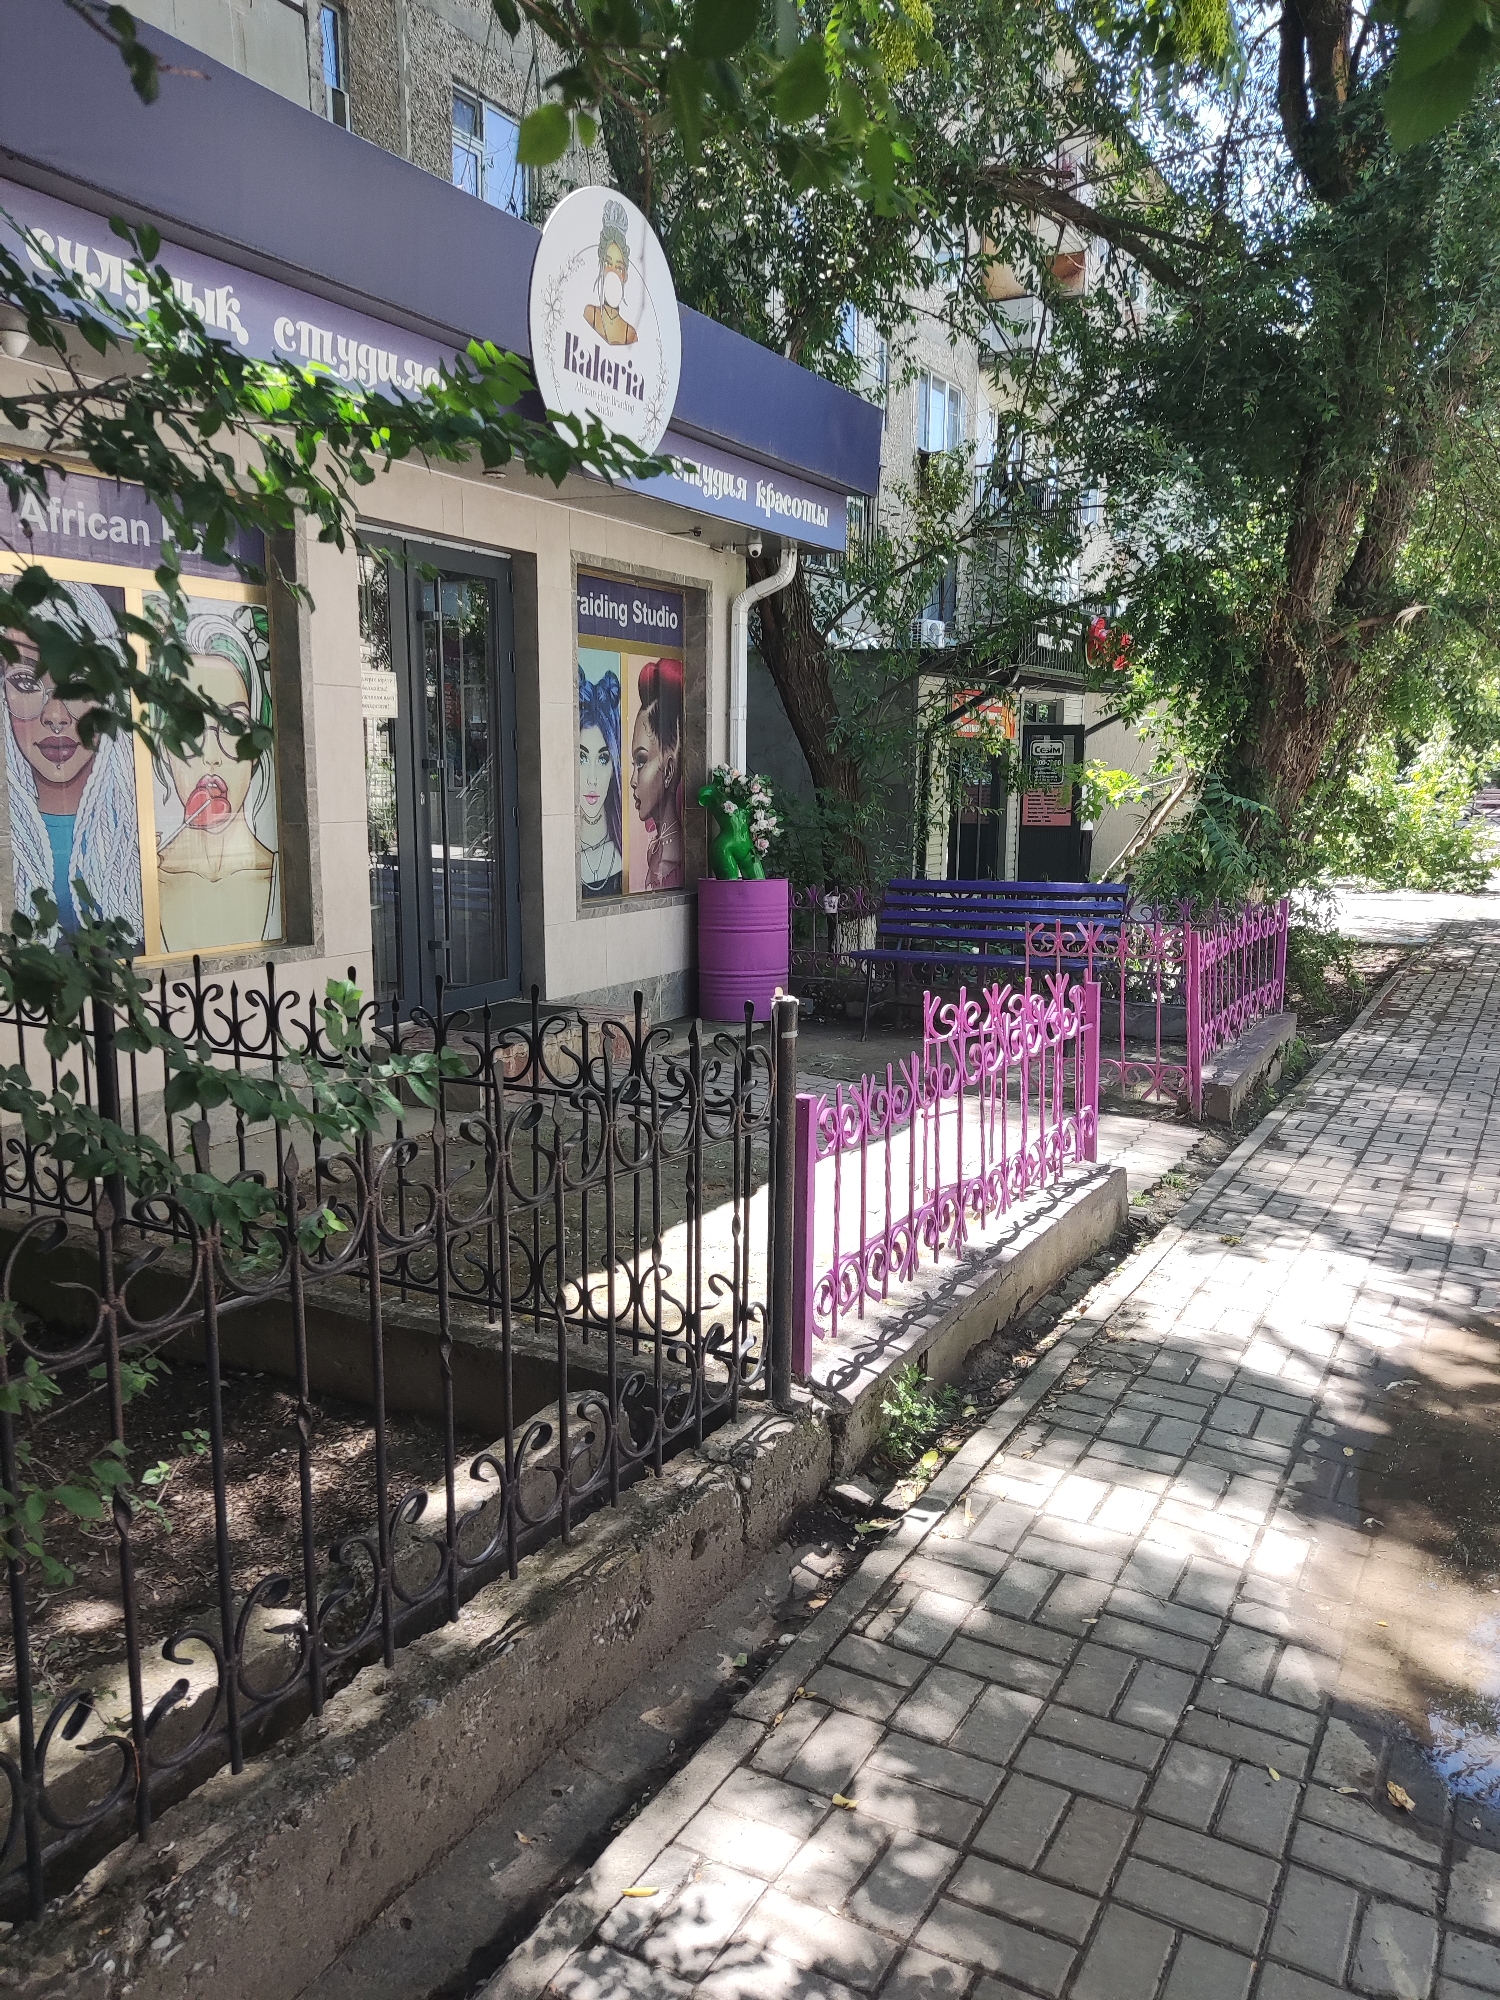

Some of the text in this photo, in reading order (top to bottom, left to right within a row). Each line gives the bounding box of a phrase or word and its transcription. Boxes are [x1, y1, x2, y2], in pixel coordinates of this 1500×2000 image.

[563, 330, 645, 402] Kaleria
[18, 492, 151, 547] African
[755, 479, 830, 529] красоты
[632, 599, 678, 630] Studio
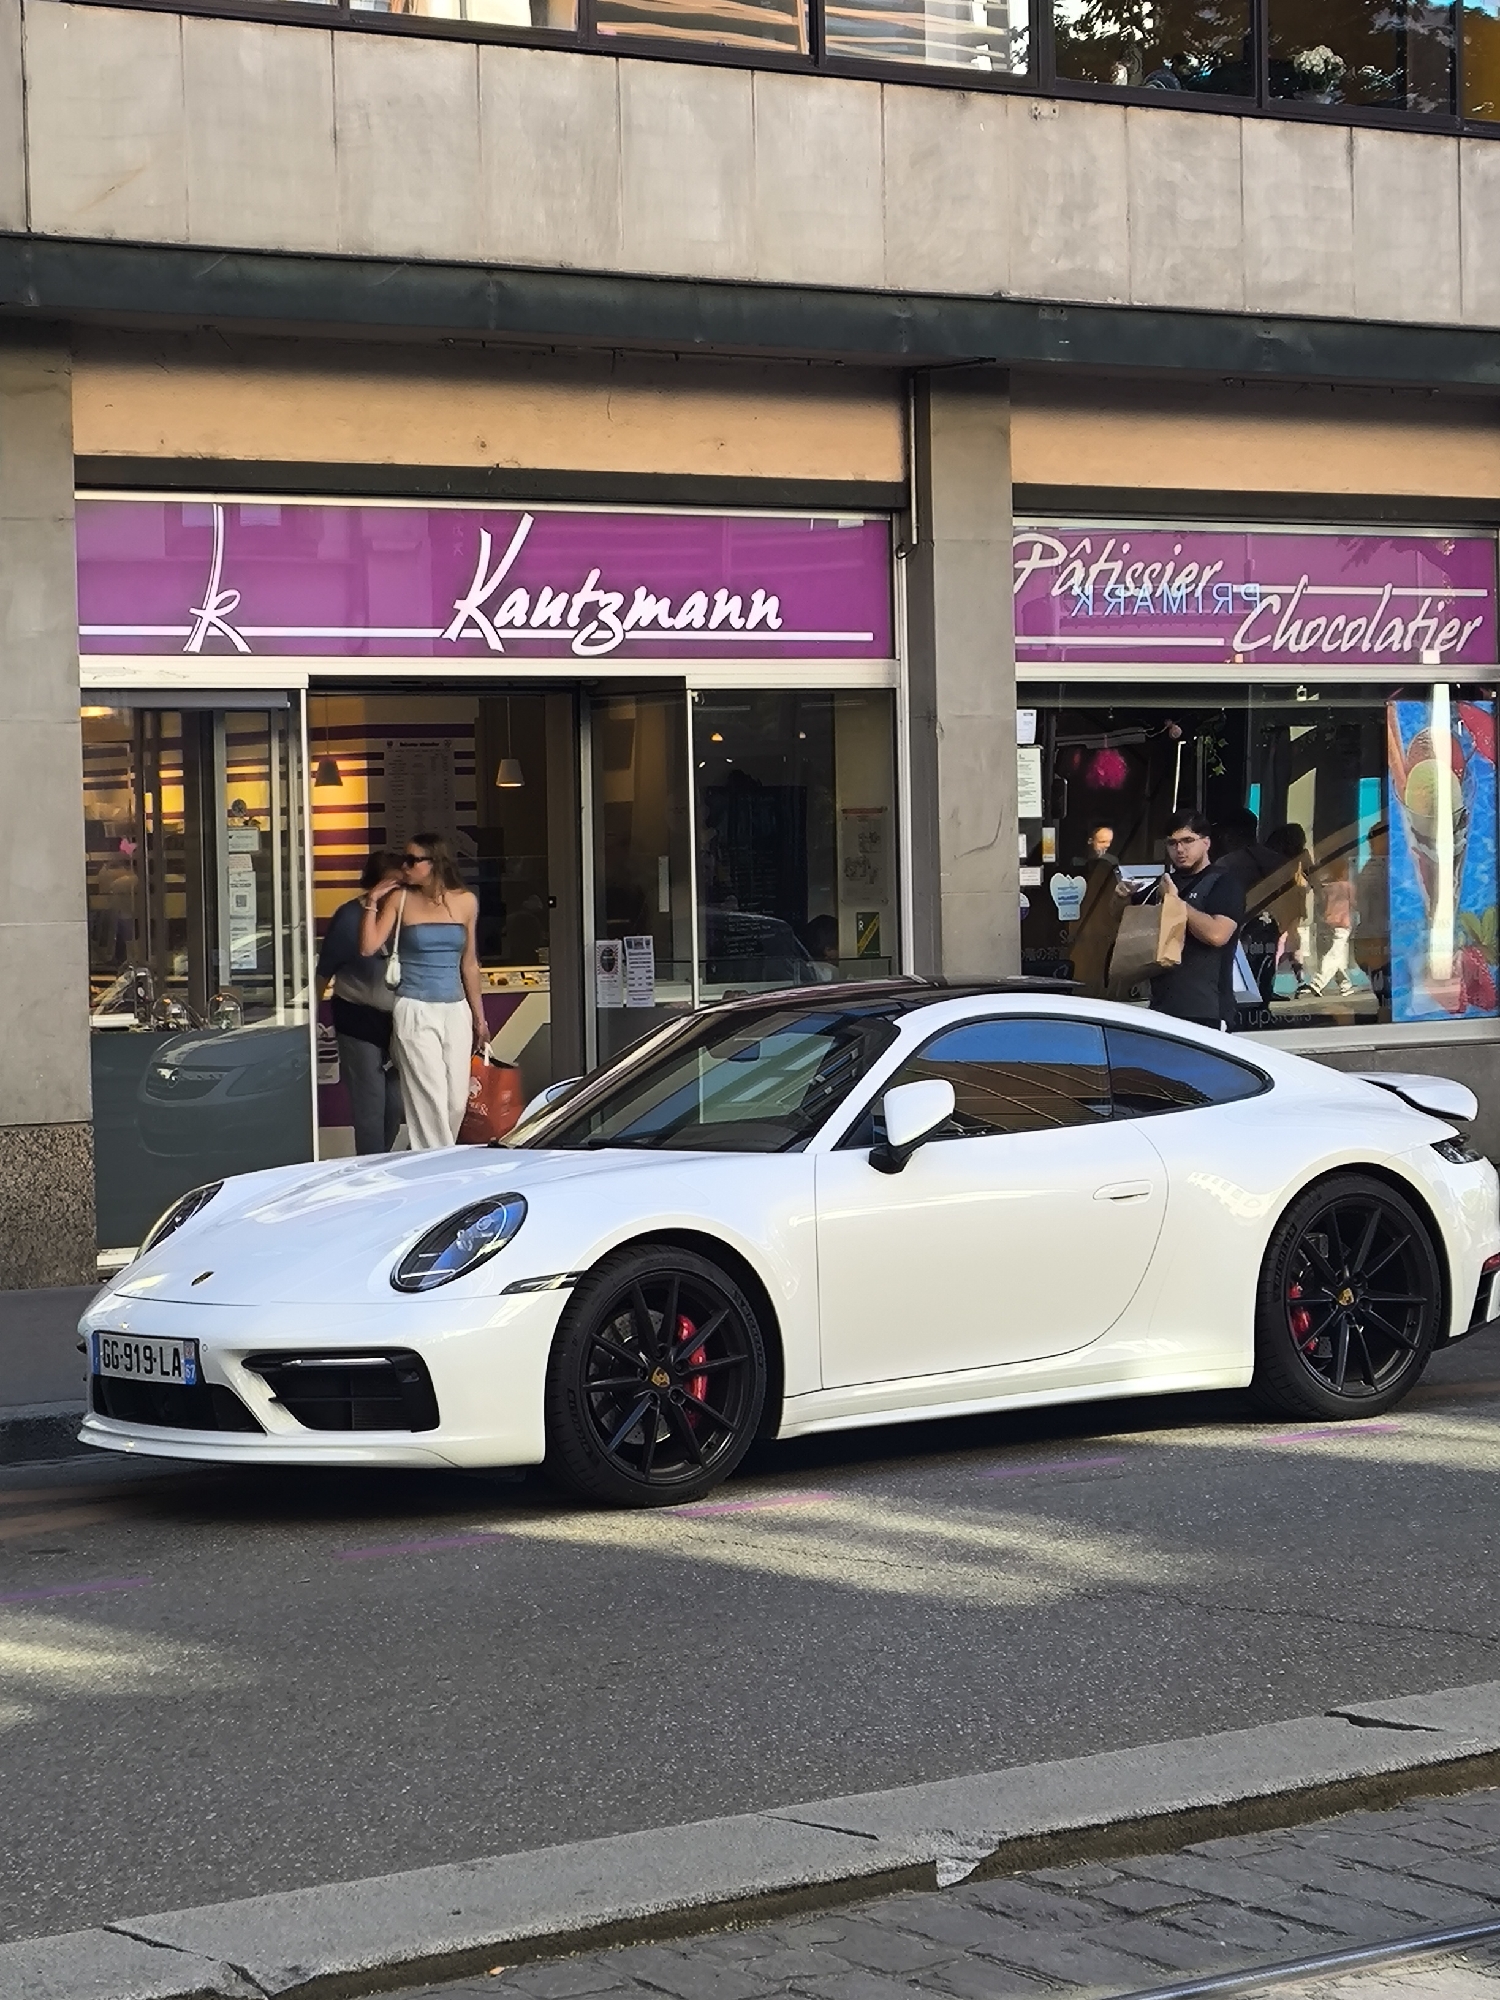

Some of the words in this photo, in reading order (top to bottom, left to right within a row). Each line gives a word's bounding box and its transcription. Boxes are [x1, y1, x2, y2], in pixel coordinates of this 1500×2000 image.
=======
• Work item: Your job is to repeat the data exactly, leaving each picture out.

• Answer below:
Some of the text in this photo, in reading order (top to bottom, left to right within a row). Each line gives the bounding box of a phrase or word and its transcription. Boxes are [x1, y1, x2, y2], in pixel coordinates of this 1500×2000 image.

[563, 330, 645, 402] Kaleria
[18, 492, 151, 547] African
[755, 479, 830, 529] красоты
[632, 599, 678, 630] Studio

Some of the words in this photo, in reading order (top to bottom, left to right within a row). Each line gives a word's bounding box and its transcription. Boxes are [x1, y1, x2, y2], in pixel coordinates of this 1500×2000 image.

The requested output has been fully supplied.